B14-03 Efficacy and Safety of Itepekimab in Former Smokers With Chronic Obstructive Pulmonary Disease: AERIFY-1 and AERIFY-2 Trials
K F Rabe, F J Martinez, S P Bhatt, F -Q Wen, P Schonffeldt, R M Mroz, S Korn, A Papi, G Devouassoux, H Goulaouic, M M Boomsma, P Iacono, H W Staudinger, Y Kim, P Dakin, J Maloney, L Yang, W Wong, A Bansal, M MoudedAbstract
Rationale
Interleukin-33 (IL-33) is a key cytokine that initiates and amplifies inflammation in chronic obstructive pulmonary disease (COPD).

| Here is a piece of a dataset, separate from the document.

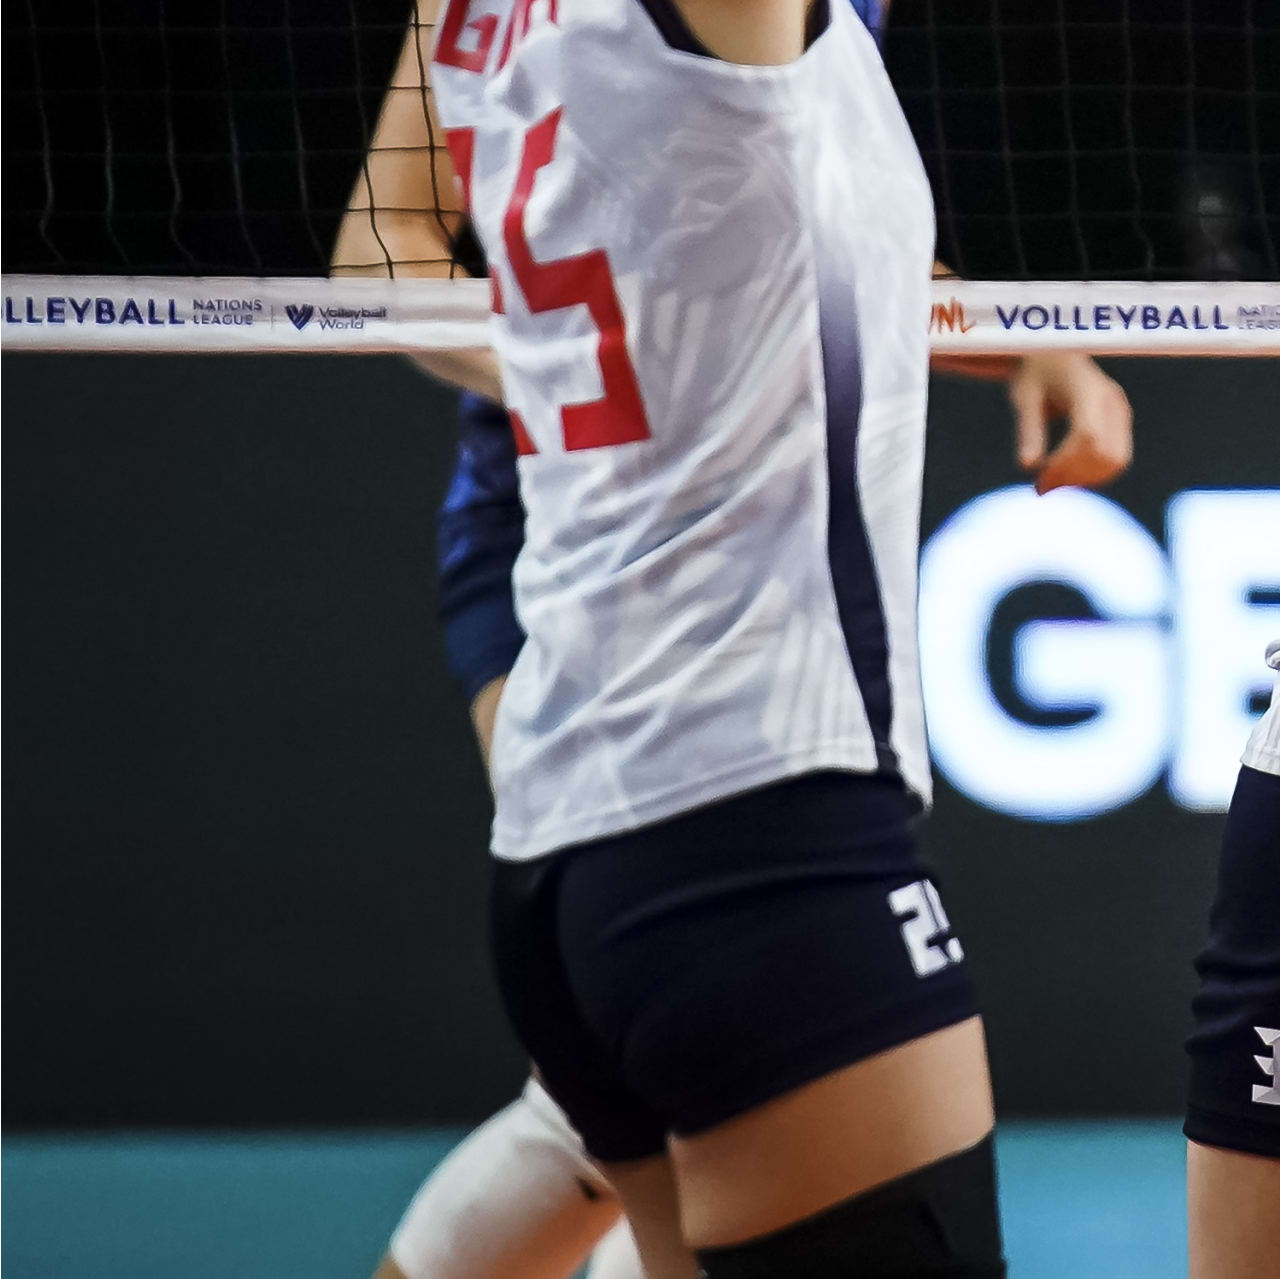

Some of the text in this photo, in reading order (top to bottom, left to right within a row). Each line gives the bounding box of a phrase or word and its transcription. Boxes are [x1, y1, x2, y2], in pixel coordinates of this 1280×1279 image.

Itepekimab, a fully human monoclonal antibody, inhibits IL-33 signaling and reduced moderate or severe exacerbations in former smokers in a proof-of-concept study. AERIFY-1 and AERIFY-2 investigated itepekimab efficacy and safety in patients with COPD who were former smokers.
Methods
AERIFY-1 (NCT04701983) and AERIFY-2 (NCT04751487), two phase 3, multinational, randomized, double-blind, placebo-controlled trials, enrolled former smokers (smoking cessation ≥6 months before screening) aged 40-85 years with physician-diagnosed COPD for ≥1 year (GOLD standard definition), ≥2 moderate or ≥ 1 severe exacerbations in the previous year, and moderate-to-severe airflow limitation (post-bronchodilator percent predicted forced expiratory volume in 1 second [FEV1] ≥30% to < 80%), despite being on triple or dual inhaler therapy, irrespective of screening blood eosinophil counts. Patients received subcutaneous add-on itepekimab 300 mg every 2 or 4 weeks (q2w, q4w), or placebo, for 52 weeks. Primary endpoint: annualized moderate or severe exacerbation rate; key secondary endpoint: change in pre-bronchodilator FEV1 at Week 24. A secondary population of current smokers receiving itepekimab 300 mg q2w or placebo was also evaluated in AERIFY-2.
Results
In AERIFY-1, former smokers received itepekimab q2w (n = 375), q4w (n = 377), or placebo (n = 375). Itepekimab vs placebo reduced moderate or severe exacerbation rates by 27.1% (q2w; P=0.0019) and 20.5% (q4w; P=0.0213). In AERIFY-2, former smokers were randomized to itepekimab q2w (n = 326), q4w (n = 303), or placebo (n = 324). Itepekimab vs placebo reduced exacerbations by 1.6% (q2w; P=0.8781) and 12.4% (q4w; P=0.2176). In AERIFY-1, no meaningful improvements were observed in pre-bronchodilator FEV1 at Week 24 (least squares mean difference vs placebo was 6 mL [q2w; P=0.7453] and 10 mL [q4w; P=0.5962]). In contrast, itepekimab vs placebo significantly improved pre-bronchodilator FEV1 at Week 24 in AERIFY-2 (least squares mean difference vs placebo) by 38 mL (q2w; Pnominal=0.0311) and 75 mL (q4w; Pnominal<0.0001). Treatment-emergent adverse events occurred in 67.1% (itepekimab q2w), 68.2% (itepekimab q4w), and 68.4% (placebo) of patients in AERIFY-1 and in 64.3% (itepekimab q2w), 71.2% (itepekimab q4w), and 64.2% (placebo) of patients in AERIFY-2 (Table). In current smokers from AERIFY-2, itepekimab q2w (n = 142) vs placebo (n = 139) reduced moderate or severe exacerbation rates by 7.1% (P=0.6599); the safety profile was similar to that in former smokers.
Conclusions
In former smokers with COPD, itepekimab significantly reduced moderate or severe exacerbation rates in AERIFY-1; this effect was not replicated in AERIFY-2. Itepekimab had an acceptable safety profile.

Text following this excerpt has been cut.